According to one embodiment, each system 616 is configured to provide webpages, forms, applications, data and media content to user (client) systems 612 to support the access by user systems 612 as tenants of system 616. As such, system 616 provides security mechanisms to keep each tenant's data separate unless the data is shared. If more than one MTS is used, they may be located in close proximity to one another (e.g., in a server farm located in a single building or campus), or they may be distributed at locations remote from one another (e.g., one or more servers located in city A and one or more servers located in city B).

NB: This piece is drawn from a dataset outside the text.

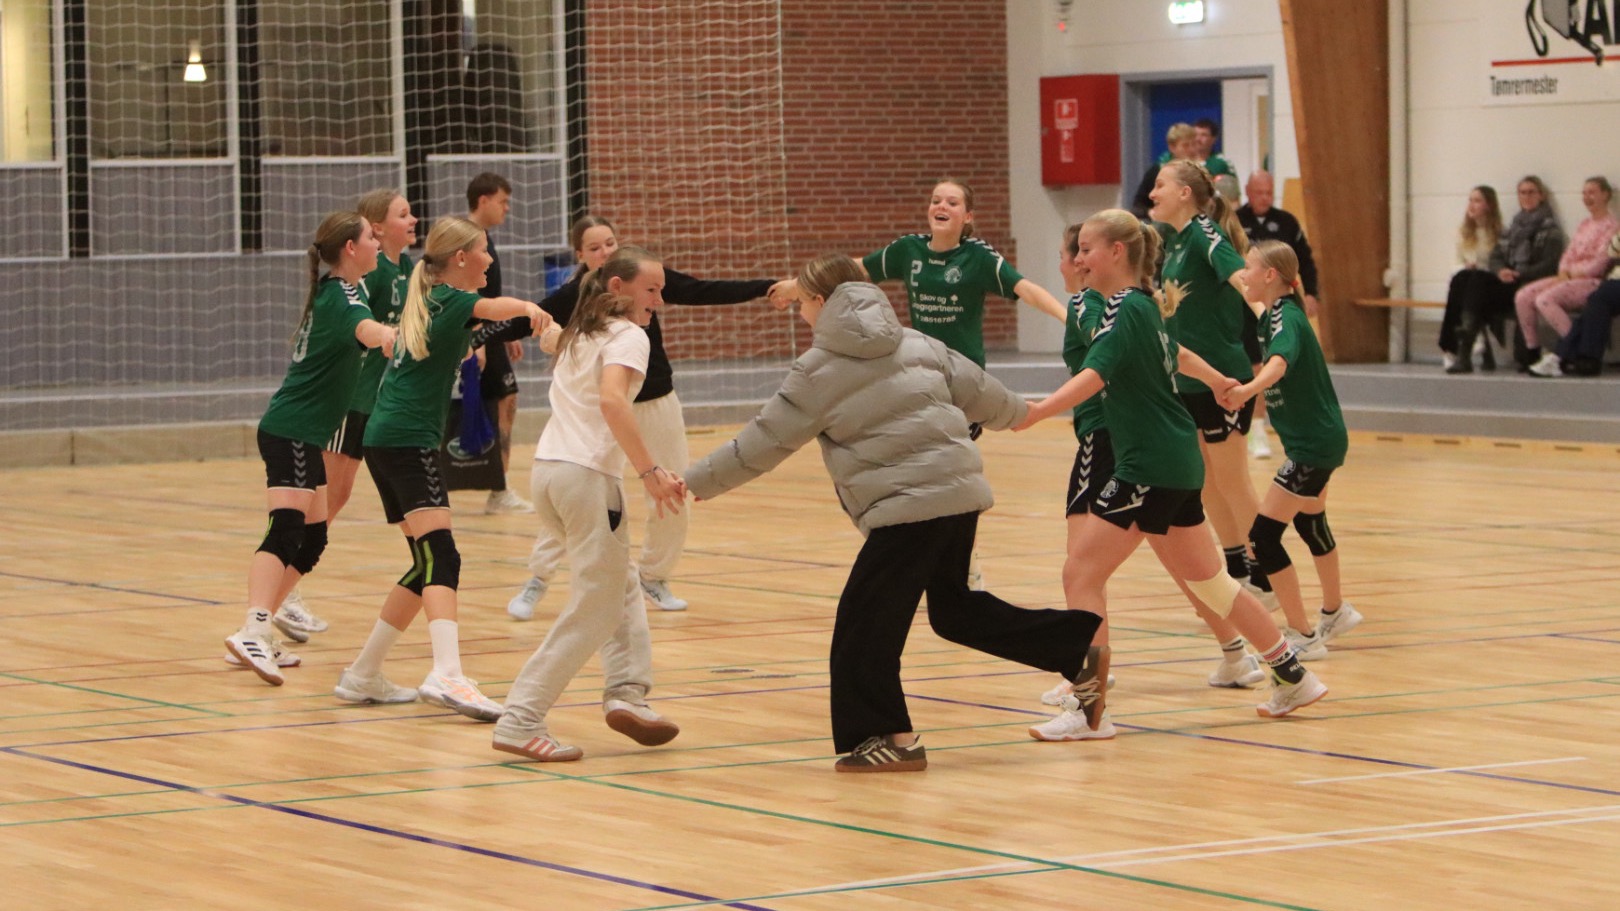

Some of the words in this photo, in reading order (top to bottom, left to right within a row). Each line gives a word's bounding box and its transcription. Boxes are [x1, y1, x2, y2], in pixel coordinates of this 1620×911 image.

[910, 260, 923, 287] 2
[919, 293, 937, 302] Skov
[937, 296, 947, 304] og
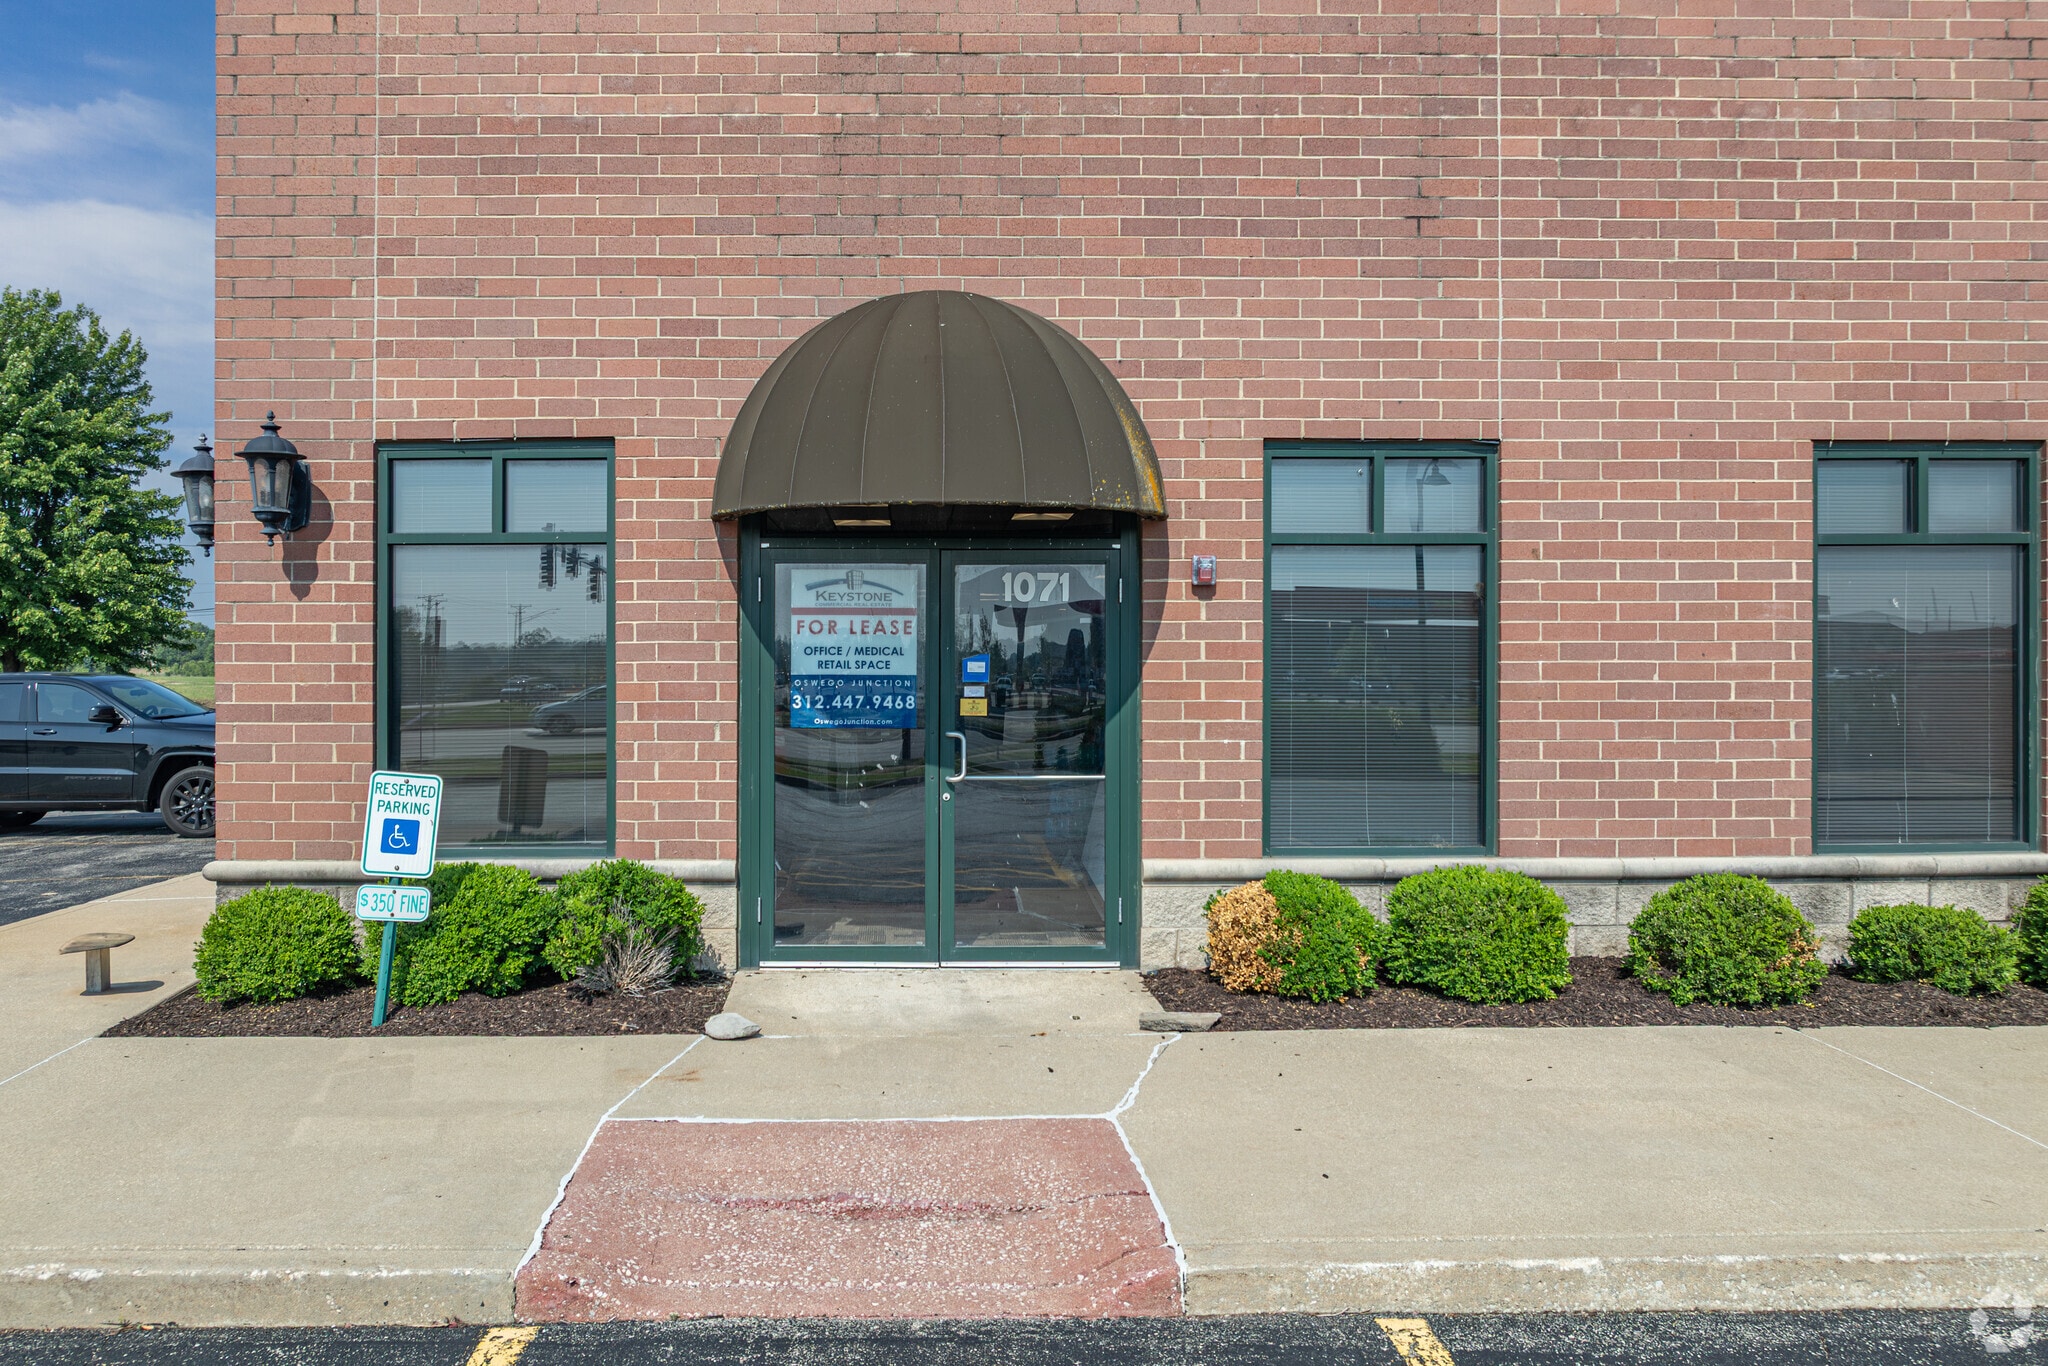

As used herein, each MTS could include one or more logically and/or physically connected servers distributed locally or across one or more geographic locations. Additionally, the term “server” is meant to include a computer system, including processing hardware and process space(s), and an associated storage system and database application (e.g., OODBMS or RDBMS) as is well known in the art. It should also be understood that “server system” and “server” are often used interchangeably herein. Similarly, the database object described herein can be implemented as single databases, a distributed database, a collection of distributed databases, a database with redundant online or offline backups or other redundancies, etc., and might include a distributed database or storage network and associated processing intelligence.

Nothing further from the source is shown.